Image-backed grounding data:
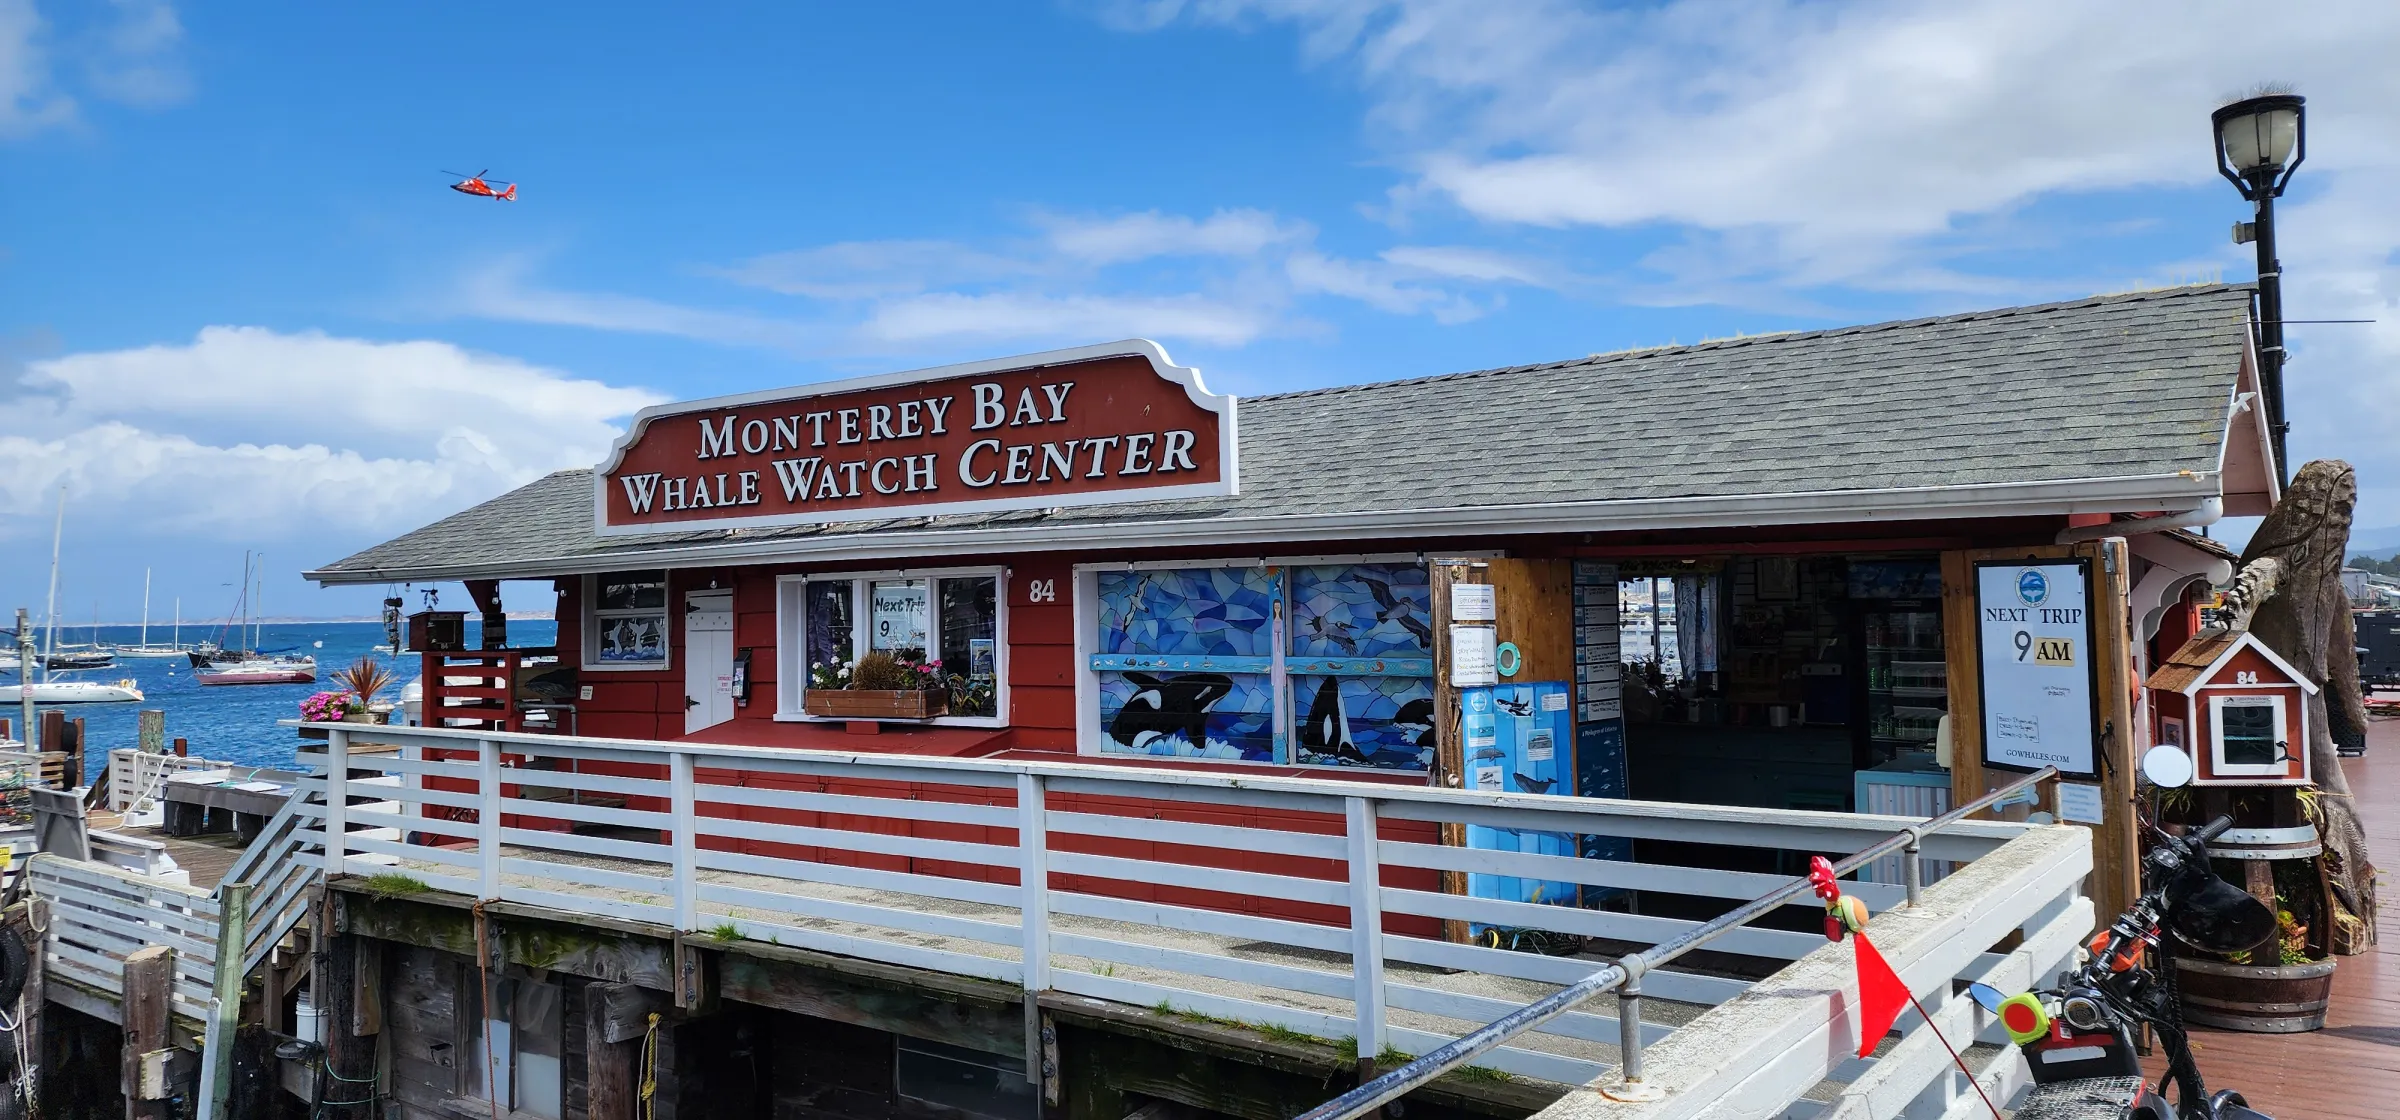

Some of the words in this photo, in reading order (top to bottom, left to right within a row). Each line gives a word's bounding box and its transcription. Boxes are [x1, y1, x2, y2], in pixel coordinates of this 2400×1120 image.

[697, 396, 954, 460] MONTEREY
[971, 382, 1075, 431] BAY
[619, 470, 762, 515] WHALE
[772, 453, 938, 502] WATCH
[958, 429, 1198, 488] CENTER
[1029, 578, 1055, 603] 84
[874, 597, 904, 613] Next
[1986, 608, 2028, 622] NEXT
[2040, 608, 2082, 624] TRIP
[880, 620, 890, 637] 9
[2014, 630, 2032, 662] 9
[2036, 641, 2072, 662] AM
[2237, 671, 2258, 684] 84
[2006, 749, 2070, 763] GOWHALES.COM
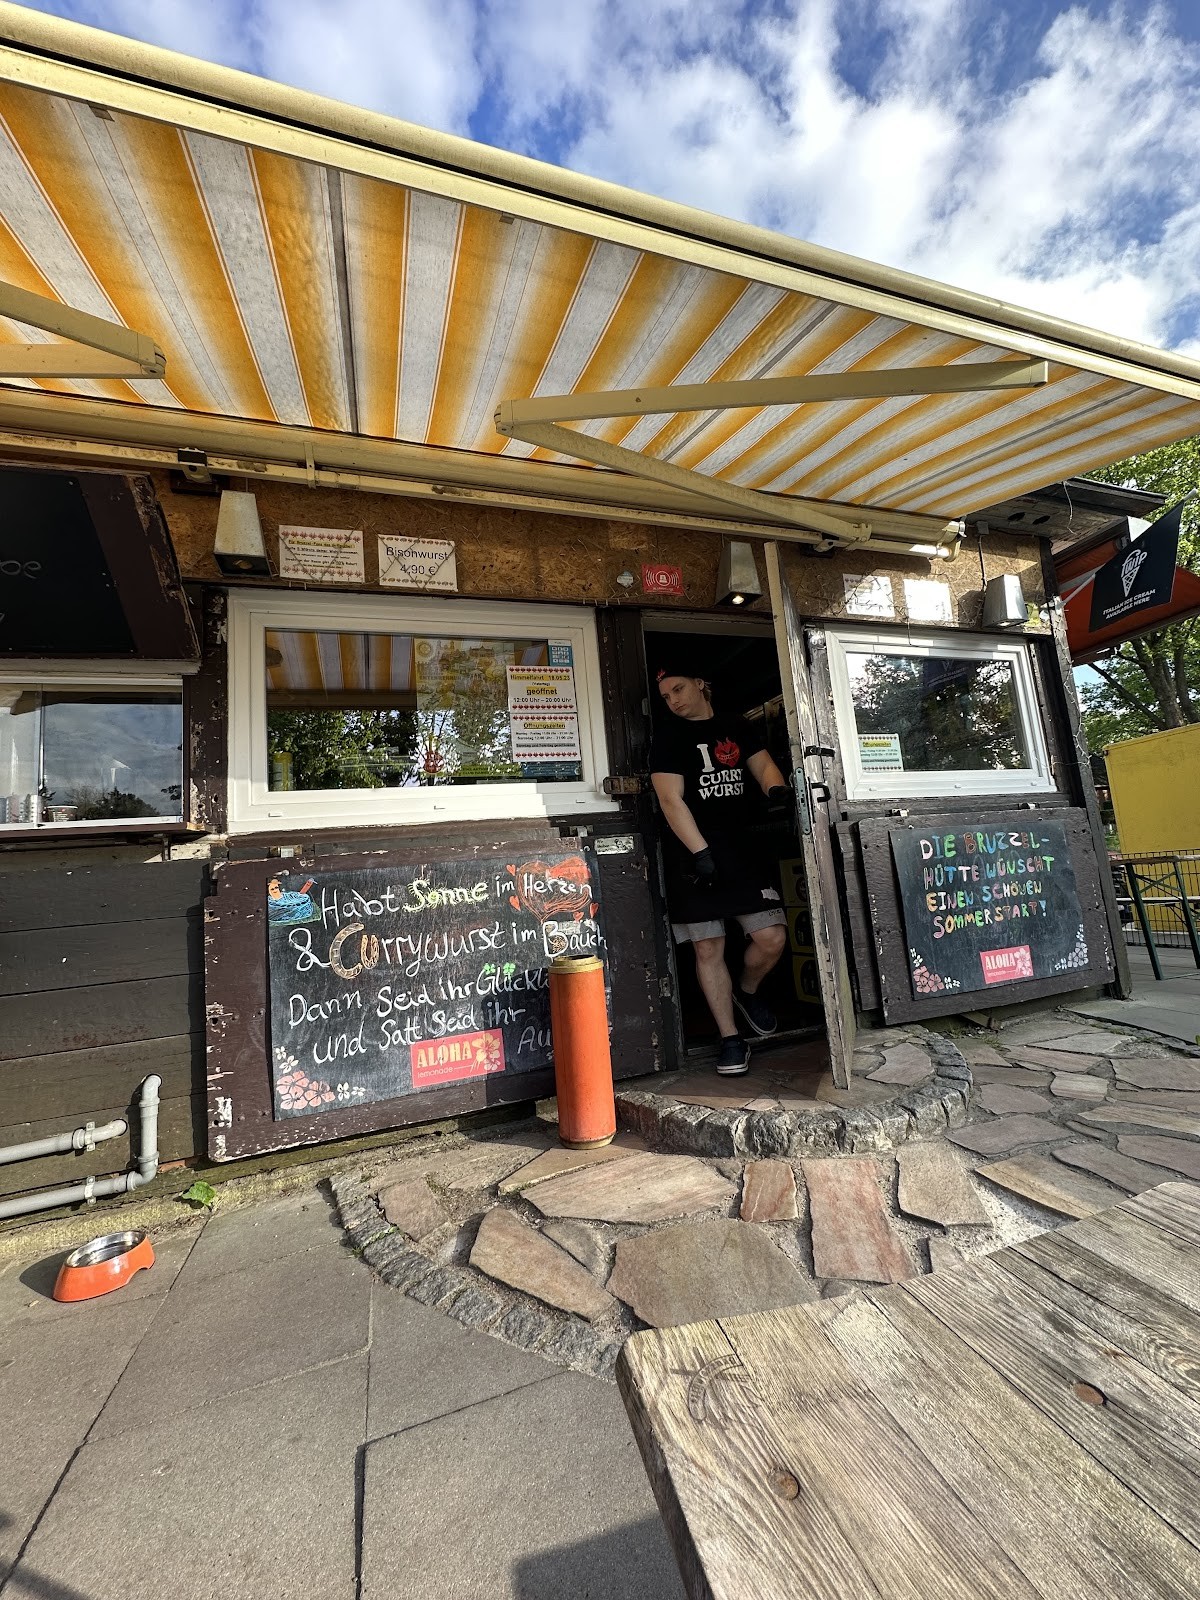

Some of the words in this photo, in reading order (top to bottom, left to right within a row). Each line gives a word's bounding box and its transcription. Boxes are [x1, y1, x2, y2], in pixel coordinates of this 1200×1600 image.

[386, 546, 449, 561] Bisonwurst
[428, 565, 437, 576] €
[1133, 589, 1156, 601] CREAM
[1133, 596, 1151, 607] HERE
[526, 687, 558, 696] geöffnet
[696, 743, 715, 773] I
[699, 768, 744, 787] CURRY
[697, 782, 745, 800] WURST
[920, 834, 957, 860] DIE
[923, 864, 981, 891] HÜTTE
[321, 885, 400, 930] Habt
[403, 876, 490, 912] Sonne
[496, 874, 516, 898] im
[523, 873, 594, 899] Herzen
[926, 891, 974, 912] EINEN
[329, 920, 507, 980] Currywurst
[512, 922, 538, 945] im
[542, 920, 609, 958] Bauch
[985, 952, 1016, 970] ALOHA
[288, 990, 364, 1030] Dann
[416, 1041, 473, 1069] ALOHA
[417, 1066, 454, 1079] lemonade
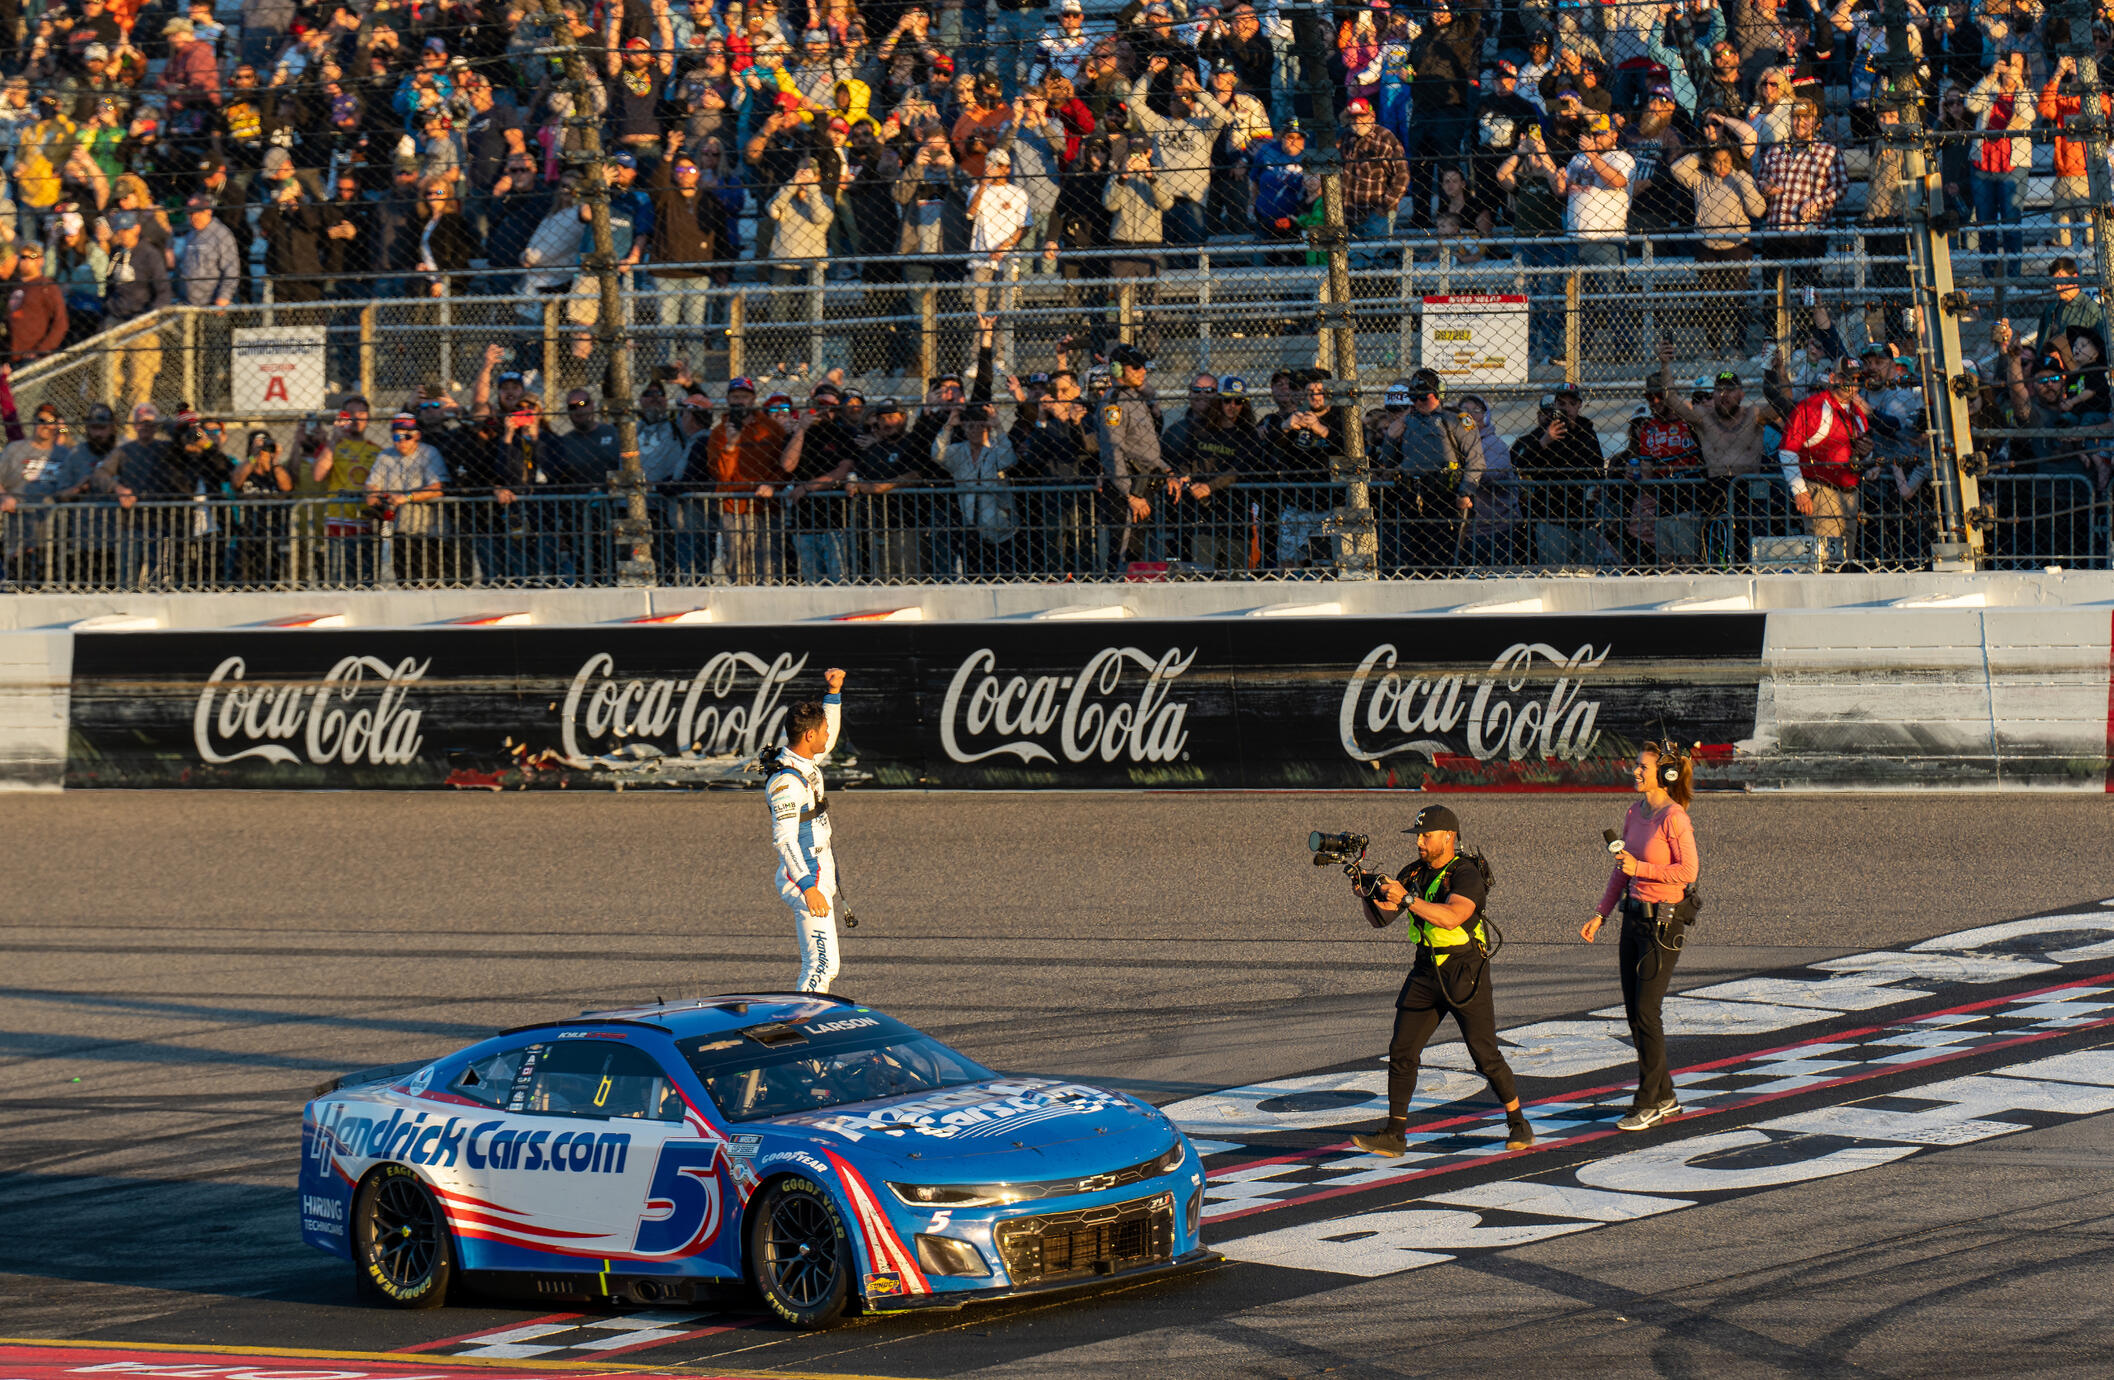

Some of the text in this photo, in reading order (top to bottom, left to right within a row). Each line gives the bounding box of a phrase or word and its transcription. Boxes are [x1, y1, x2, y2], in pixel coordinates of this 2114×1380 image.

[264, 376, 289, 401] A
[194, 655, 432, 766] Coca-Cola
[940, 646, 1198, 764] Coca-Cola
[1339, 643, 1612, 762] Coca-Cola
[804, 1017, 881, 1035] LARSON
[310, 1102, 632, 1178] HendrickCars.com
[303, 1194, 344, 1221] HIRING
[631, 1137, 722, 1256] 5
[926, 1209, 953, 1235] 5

(Task item):
Each record above is to be copied exactly. Drop the pictures.

(Written answer):
Some of the words in this photo, in reading order (top to bottom, left to right within a row). Each line gives a word's bounding box and its transcription. Boxes are [x1, y1, x2, y2], in pixel coordinates of this 2400×1120 image.

[697, 396, 954, 460] MONTEREY
[971, 382, 1075, 431] BAY
[619, 470, 762, 515] WHALE
[772, 453, 938, 502] WATCH
[958, 429, 1198, 488] CENTER
[1029, 578, 1055, 603] 84
[874, 597, 904, 613] Next
[1986, 608, 2028, 622] NEXT
[2040, 608, 2082, 624] TRIP
[880, 620, 890, 637] 9
[2014, 630, 2032, 662] 9
[2036, 641, 2072, 662] AM
[2237, 671, 2258, 684] 84
[2006, 749, 2070, 763] GOWHALES.COM

Some of the words in this photo, in reading order (top to bottom, left to right within a row). Each line gives a word's bounding box and its transcription. Boxes are [x1, y1, x2, y2], in pixel coordinates of this 1200×1600 image.

[386, 546, 449, 561] Bisonwurst
[428, 565, 437, 576] €
[1133, 589, 1156, 601] CREAM
[1133, 596, 1151, 607] HERE
[526, 687, 558, 696] geöffnet
[696, 743, 715, 773] I
[699, 768, 744, 787] CURRY
[697, 782, 745, 800] WURST
[920, 834, 957, 860] DIE
[923, 864, 981, 891] HÜTTE
[321, 885, 400, 930] Habt
[403, 876, 490, 912] Sonne
[496, 874, 516, 898] im
[523, 873, 594, 899] Herzen
[926, 891, 974, 912] EINEN
[329, 920, 507, 980] Currywurst
[512, 922, 538, 945] im
[542, 920, 609, 958] Bauch
[985, 952, 1016, 970] ALOHA
[288, 990, 364, 1030] Dann
[416, 1041, 473, 1069] ALOHA
[417, 1066, 454, 1079] lemonade

Some of the text in this photo, in reading order (top to bottom, left to right within a row). Each line gives the bounding box of a phrase or word and its transcription. Boxes are [x1, y1, x2, y2], in pixel coordinates of this 2114×1380 image.

[264, 376, 289, 401] A
[194, 655, 432, 766] Coca-Cola
[940, 646, 1198, 764] Coca-Cola
[1339, 643, 1612, 762] Coca-Cola
[804, 1017, 881, 1035] LARSON
[310, 1102, 632, 1178] HendrickCars.com
[303, 1194, 344, 1221] HIRING
[631, 1137, 722, 1256] 5
[926, 1209, 953, 1235] 5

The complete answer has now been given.